## AIM OF THE EXERCISE
Excluding pictures, give the entries again exactly as they appear.
========================================
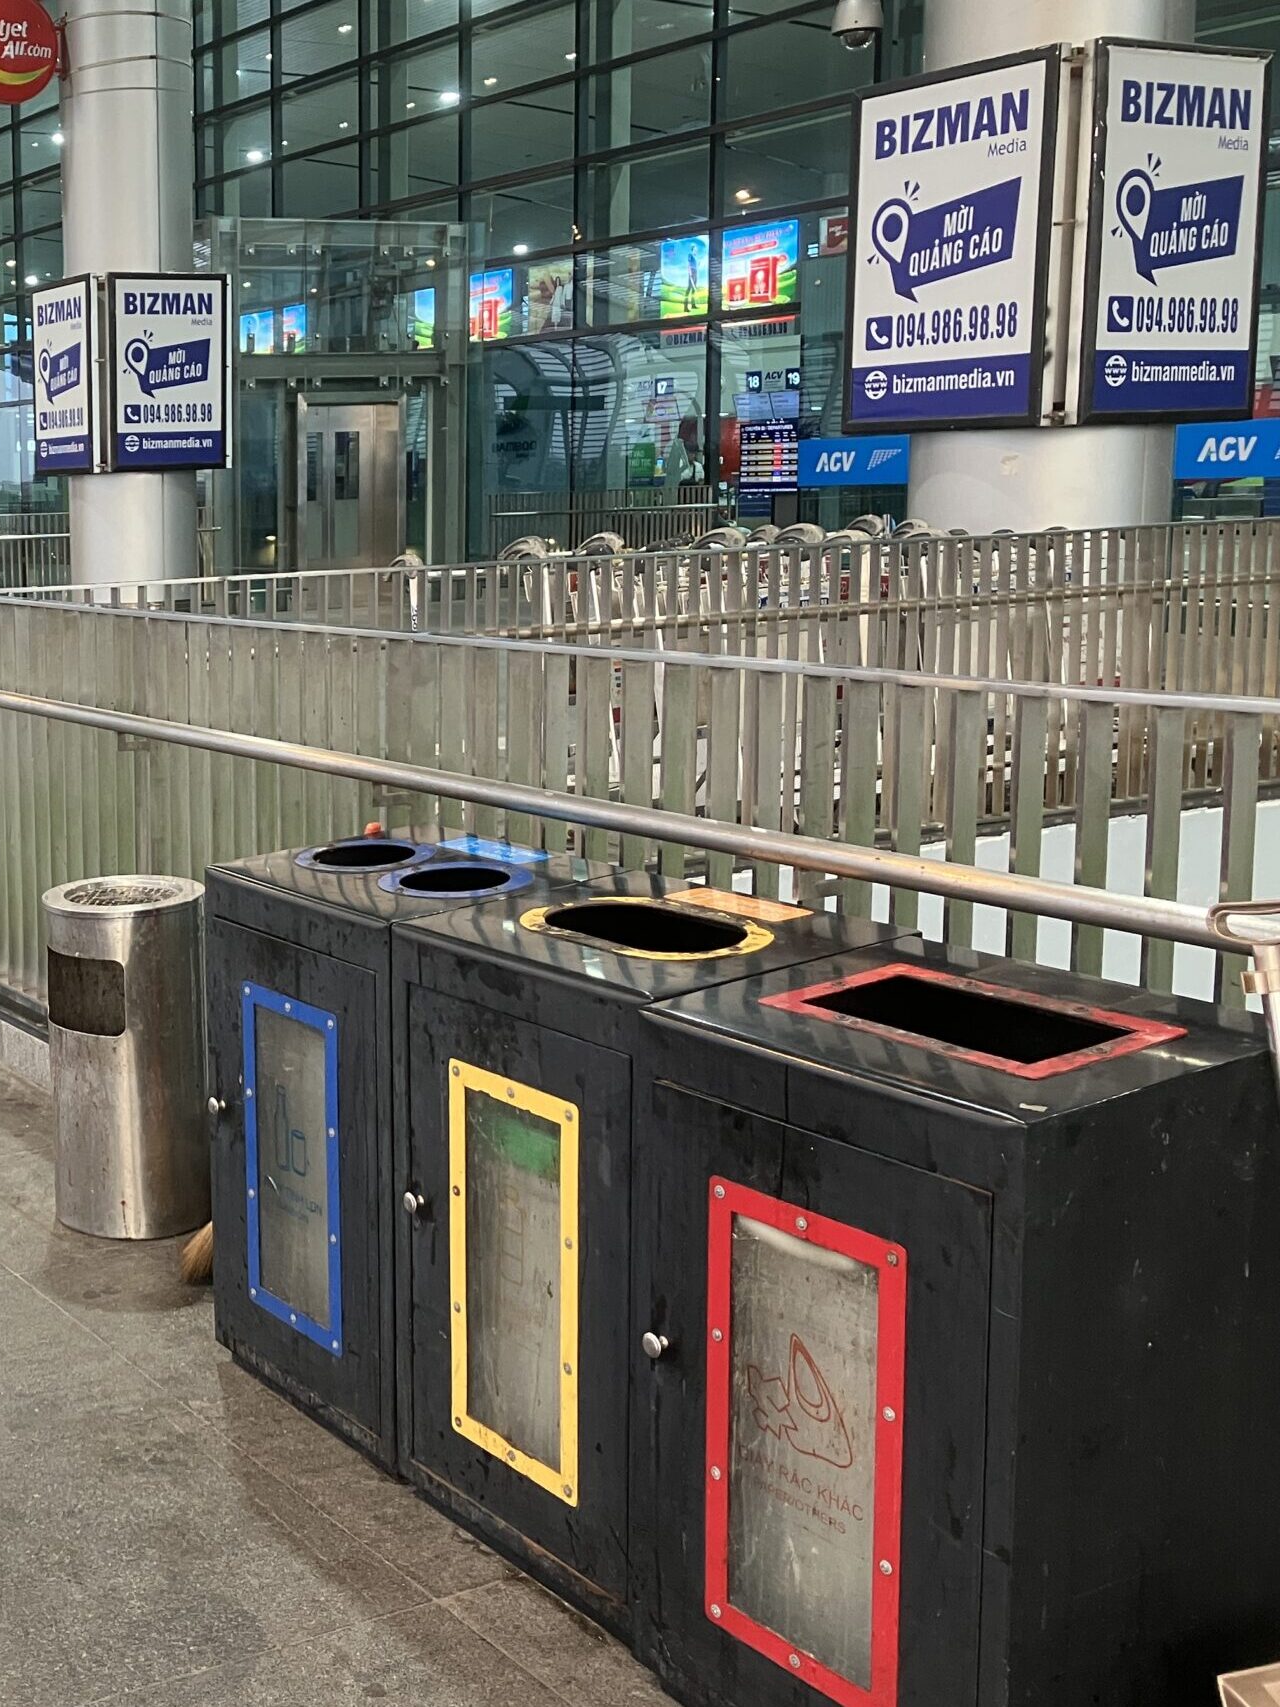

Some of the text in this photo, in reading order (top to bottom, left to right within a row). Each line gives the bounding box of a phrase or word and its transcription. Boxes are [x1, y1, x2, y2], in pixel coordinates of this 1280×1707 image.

[1121, 80, 1252, 130] BIZMAN
[875, 89, 1029, 160] BIZMAN
[988, 138, 1027, 157] Media
[1218, 135, 1249, 151] Media
[1180, 191, 1207, 222] MỜI
[943, 204, 974, 238] MỜI
[1149, 218, 1229, 258] QUẢNG CÁO
[909, 226, 1003, 277] QUẢNG CÁO
[37, 296, 81, 327] BIZMAN
[124, 292, 212, 315] BIZMAN
[1136, 296, 1239, 333] 094.986.98.98
[191, 318, 213, 326] Media
[896, 301, 1018, 348] 094.986.98.98
[183, 361, 202, 379] CÁO
[747, 376, 760, 388] 18
[787, 372, 800, 385] 19
[893, 367, 1015, 394] bizmanmedia.vn
[1132, 360, 1235, 382] bizmanmedia.vn
[143, 403, 212, 424] 094.986.98.98
[142, 437, 213, 449] bizmanmedia.vn
[1197, 436, 1258, 462] ACV
[815, 451, 856, 472] ACV
========================================
## WRITTEN SOLUTION
Some of the text in this photo, in reading order (top to bottom, left to right within a row). Each line gives the bounding box of a phrase or word and its transcription. Boxes are [x1, y1, x2, y2], in pixel coordinates of this 1280×1707 image.

[1121, 80, 1252, 130] BIZMAN
[875, 89, 1029, 160] BIZMAN
[988, 138, 1027, 157] Media
[1218, 135, 1249, 151] Media
[1180, 191, 1207, 222] MỜI
[943, 204, 974, 238] MỜI
[1149, 218, 1229, 258] QUẢNG CÁO
[909, 226, 1003, 277] QUẢNG CÁO
[37, 296, 81, 327] BIZMAN
[124, 292, 212, 315] BIZMAN
[1136, 296, 1239, 333] 094.986.98.98
[191, 318, 213, 326] Media
[896, 301, 1018, 348] 094.986.98.98
[183, 361, 202, 379] CÁO
[747, 376, 760, 388] 18
[787, 372, 800, 385] 19
[893, 367, 1015, 394] bizmanmedia.vn
[1132, 360, 1235, 382] bizmanmedia.vn
[143, 403, 212, 424] 094.986.98.98
[142, 437, 213, 449] bizmanmedia.vn
[1197, 436, 1258, 462] ACV
[815, 451, 856, 472] ACV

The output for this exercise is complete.